Sundance Channel is making a big move into scripted dramas this year. The network, best known as a home for indie movies and unscripted programming like “Iconoclasts,” “Brick City” and “Girls Who Like Boys Who Like Boys,” has also screened international co-productions like Olivier Assayas’ fantastic miniseries “Carlos” and the U.K.’s “Appropriate Adult.” The network’s lastest such venture is “Top of the Lake,” a seven-part miniseries written and directed by the great Jane Campion and slated to premiere on March 18. Set in rural New Zealand, “Top of the Lake” finds “Mad Men” star Elisabeth Moss playing Robin Griffin, assigned to investigate a missing, pregnant 12-year-old girl named Tui. Peter Mullan plays the girl’s father, a local drug dealer, while Holly Hunter is the head of a local women’s camp.
“Top of the Lake” will premiere at the Sundance Film Festival in its complete 353 minute form, with Campion in attendance. Moss and Hunter were in attendance at Sundance Channel’s TCA panel, along with executive producer Iain Canning. Talking about working with Campion again, Hunter said that she and the director had stayed in touch after “The Piano,” and that “it’s an indescribable thing to work with Jane to begin with. She’s so silly. And she brings that silliness to the set and has wisdom that I think is hard won in her life. This is a director really stretching out across a canvas in the most startling, shocking, provocative way.”
Moss discussed shooting in such a remote location. “I think it’s the most comprehensive documentation of modern New Zealand that’s ever been done on such a large scale. People are so used to ‘The Hobbit’ or ‘Lord of the Rings’ and that beautiful representation of that country. We show a very different and more modern, much grittier, more raw side of it.
“By the end of production, you couldn’t pass a place that we hadn’t filmed in. We went everywhere. And when you’re out in the bush or on a mountainside and when you’re standing in the middle of that freezing lake, you do get to experience the landscape in a way that I think no tourist ever really could. The project really captures a side to that country and landscape that you feel when you’re there, but it’s difficult to communicate. I feel like you really feel it when you watch this.”
“Rectify,” which the network also presented, is Sundance Channel’s first wholly owned series, a six-episode drama created, written and directed by actor/filmmaker Ray McKinnon that follows Daniel Holden (Aden Young), a man released from death row after almost two decades on death row due to DNA evidence, but not acquitted. Indiewire will have an interview with McKinnon closer to the series’ premiere on April 22 — he was in attendance along with executive producer Mark Johnson, Young and co-star Abigail Spencer, who plays Daniel’s sister Amantha.
Discussing whether or not the show would provide closure for the murder that landed Daniel in jail, McKinnon said that “I think a lot of times, we want order over justice or the illusion of order, and that was one of the things that intrigued me about this story. But we also want things framed. We want to find we want to have closure as human beings, and in our storytelling, we want to have closure. I’m not so sure I want to abide by those conventions.

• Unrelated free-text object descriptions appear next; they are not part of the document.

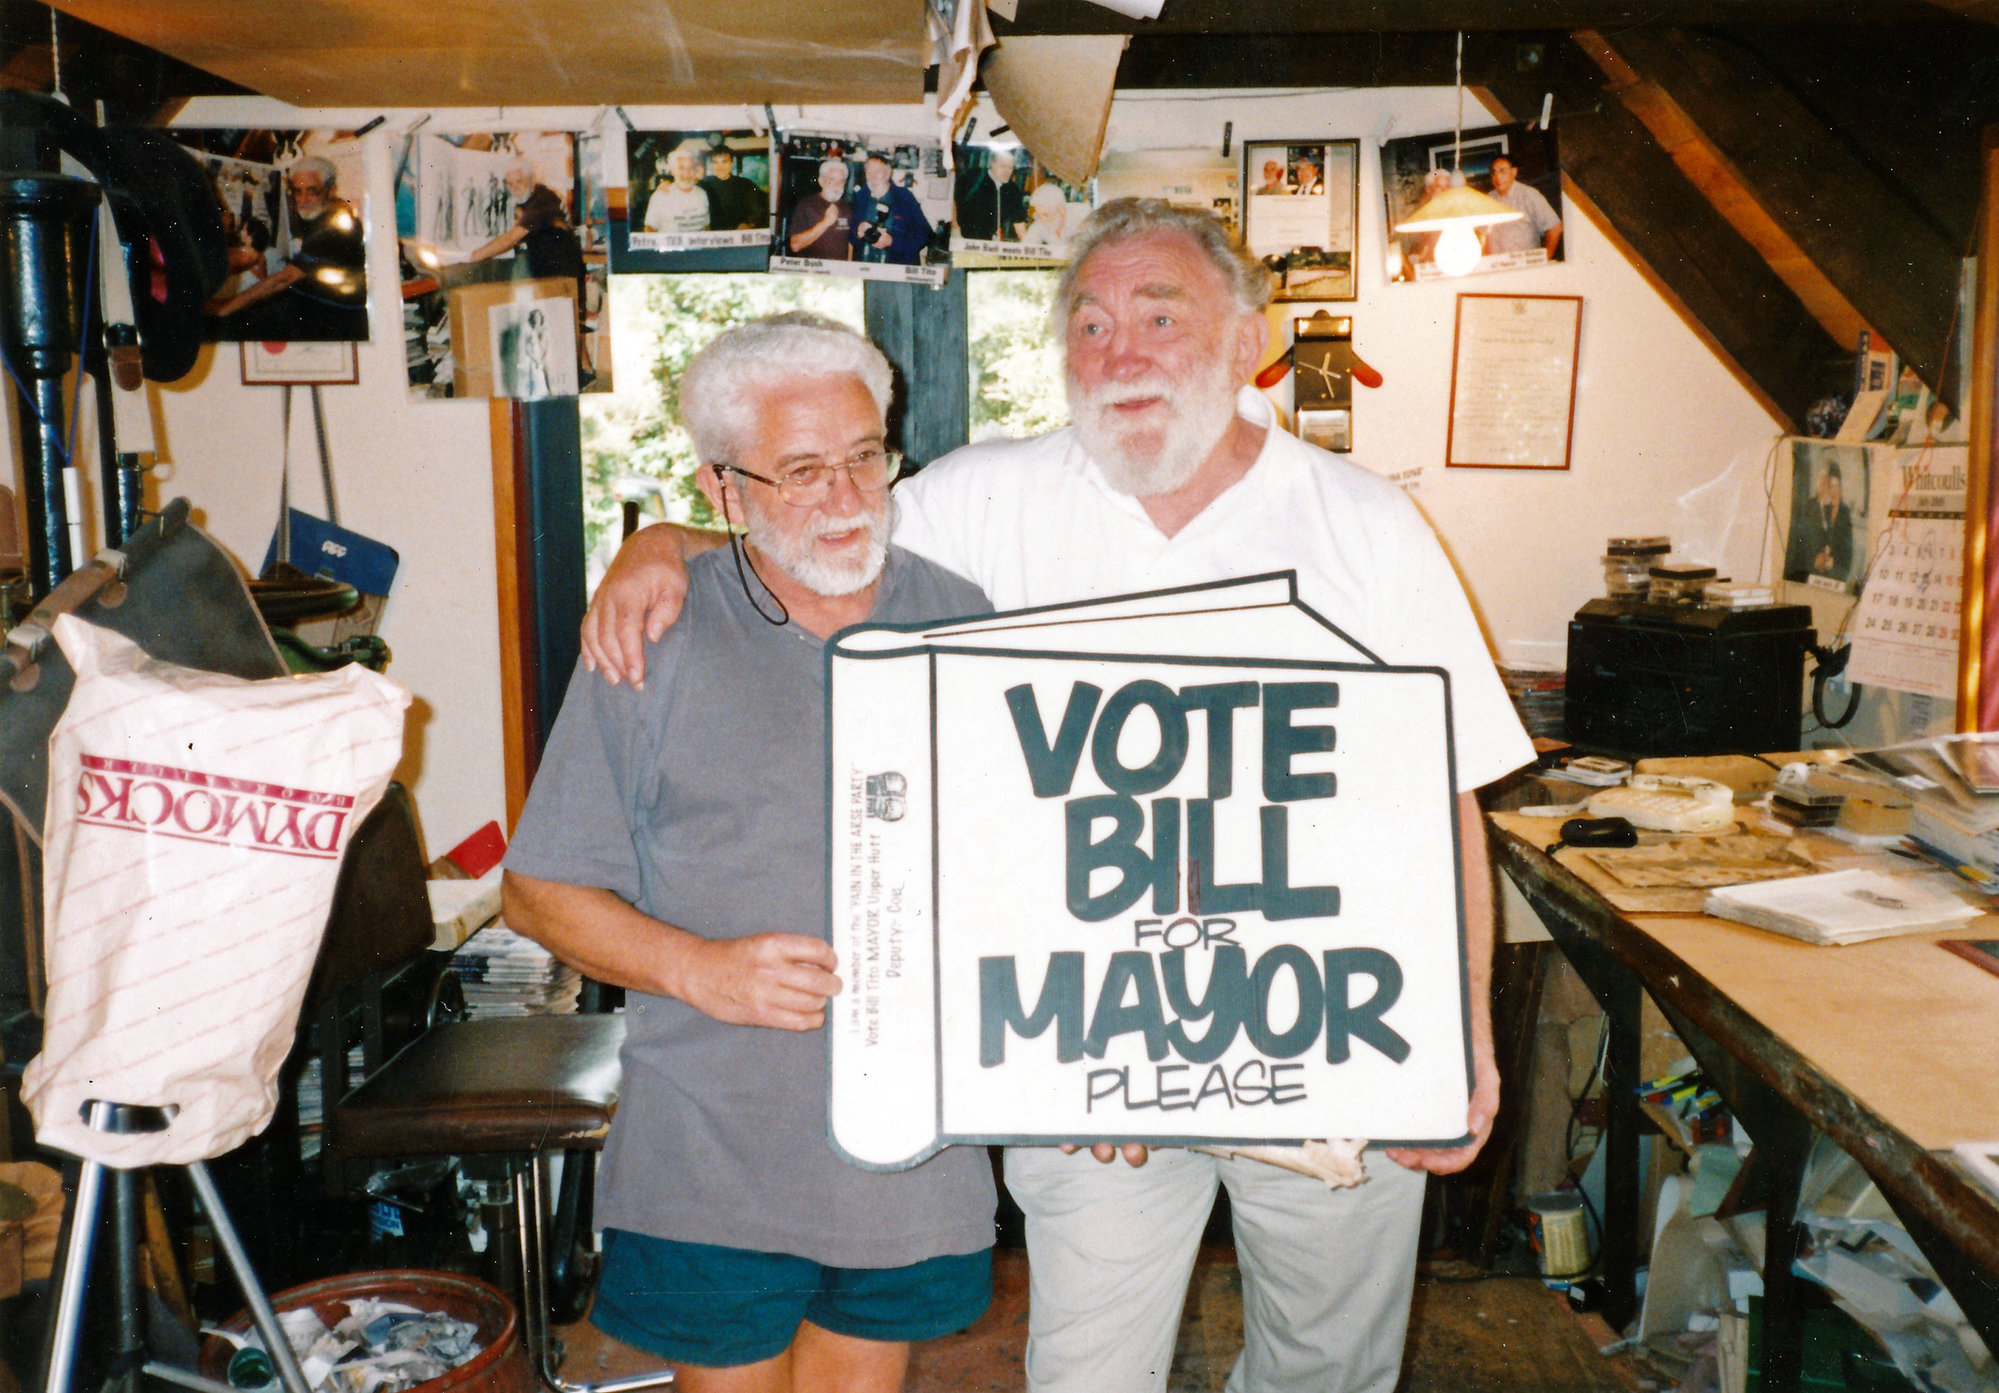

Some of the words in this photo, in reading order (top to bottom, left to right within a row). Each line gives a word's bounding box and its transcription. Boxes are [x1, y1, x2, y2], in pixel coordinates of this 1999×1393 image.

[780, 257, 800, 266] Peter
[804, 259, 823, 267] Bush
[905, 266, 918, 274] Bill
[921, 267, 937, 275] Tito
[1865, 617, 1876, 628] 24
[1881, 618, 1892, 631] 25
[1004, 679, 1340, 802] VOTE
[77, 770, 348, 852] DYMOCKS
[850, 809, 862, 838] ARSE
[850, 842, 862, 860] THE
[867, 834, 880, 863] Hutt
[1065, 794, 1341, 922] BILL
[850, 865, 861, 876] IN
[866, 869, 882, 904] Upper
[866, 910, 880, 960] MAYOR
[1135, 918, 1241, 950] FOR
[850, 952, 861, 994] member
[866, 966, 880, 990] Tito
[865, 996, 879, 1014] Bill
[979, 944, 1412, 1069] MAYOR
[865, 1019, 879, 1047] Vote
[1086, 1060, 1308, 1114] PLEASE

So, you know, maybe we will; maybe we won’t…” He added that the crime was not the focus. “The more interesting part of the story was not who did it, but how does a man re acclimate himself back to this world when he’s been in a box for 19 years, for more than half of his life? And how does a family reinvent themselves when this person literally or figuratively comes back from the dead?”
Young compared his character to “a baby”: “I’m entering a new world. I’m a man who fell to earth, and so that was pretty much the way in. And after that, it was an evolution.” He pointed out that “one of the first things that happens when Daniel’s released is he goes to sleep. And I think there’s a particular joy in or metaphor in that safety of sleep on release. There have been several scripts I received over the years of people who have been on death row and so forth, and it’s almost laughable when you see how this hard man is released after so many years, and he goes straight to this or does that. There was something uniquely true about what Daniel’s journey was immediately on his release.”

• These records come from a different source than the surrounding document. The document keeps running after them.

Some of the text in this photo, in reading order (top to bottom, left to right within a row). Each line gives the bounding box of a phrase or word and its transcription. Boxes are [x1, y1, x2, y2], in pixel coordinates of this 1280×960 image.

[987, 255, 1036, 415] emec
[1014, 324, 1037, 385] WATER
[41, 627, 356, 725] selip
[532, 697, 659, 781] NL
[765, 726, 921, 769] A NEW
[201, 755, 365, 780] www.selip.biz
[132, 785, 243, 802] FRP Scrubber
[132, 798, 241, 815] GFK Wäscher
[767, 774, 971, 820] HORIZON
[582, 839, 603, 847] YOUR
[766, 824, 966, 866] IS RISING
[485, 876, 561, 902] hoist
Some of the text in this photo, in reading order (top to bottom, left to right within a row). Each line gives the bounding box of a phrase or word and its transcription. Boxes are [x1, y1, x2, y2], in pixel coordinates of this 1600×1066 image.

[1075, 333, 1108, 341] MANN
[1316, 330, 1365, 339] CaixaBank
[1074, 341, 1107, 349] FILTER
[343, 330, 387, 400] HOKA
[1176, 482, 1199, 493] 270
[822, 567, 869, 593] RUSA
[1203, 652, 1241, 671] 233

Spencer said that her character was “going through a bit of a rebirth as well. The creation story that we’re presenting here in ‘Rectify’ — really, so much happens, and you see her broken down and begin to evolve and really start to ask herself for the first time, ‘What is my life like separate from Daniel Holden and this case?’ That’s truly the theme for the entire show is — who are we all outside of this case, and are we separate from it, and can we possibly function without it?” “Rectify” is also headed to the Sundance Film Festival, where episodes one and two will be aired at a private screening.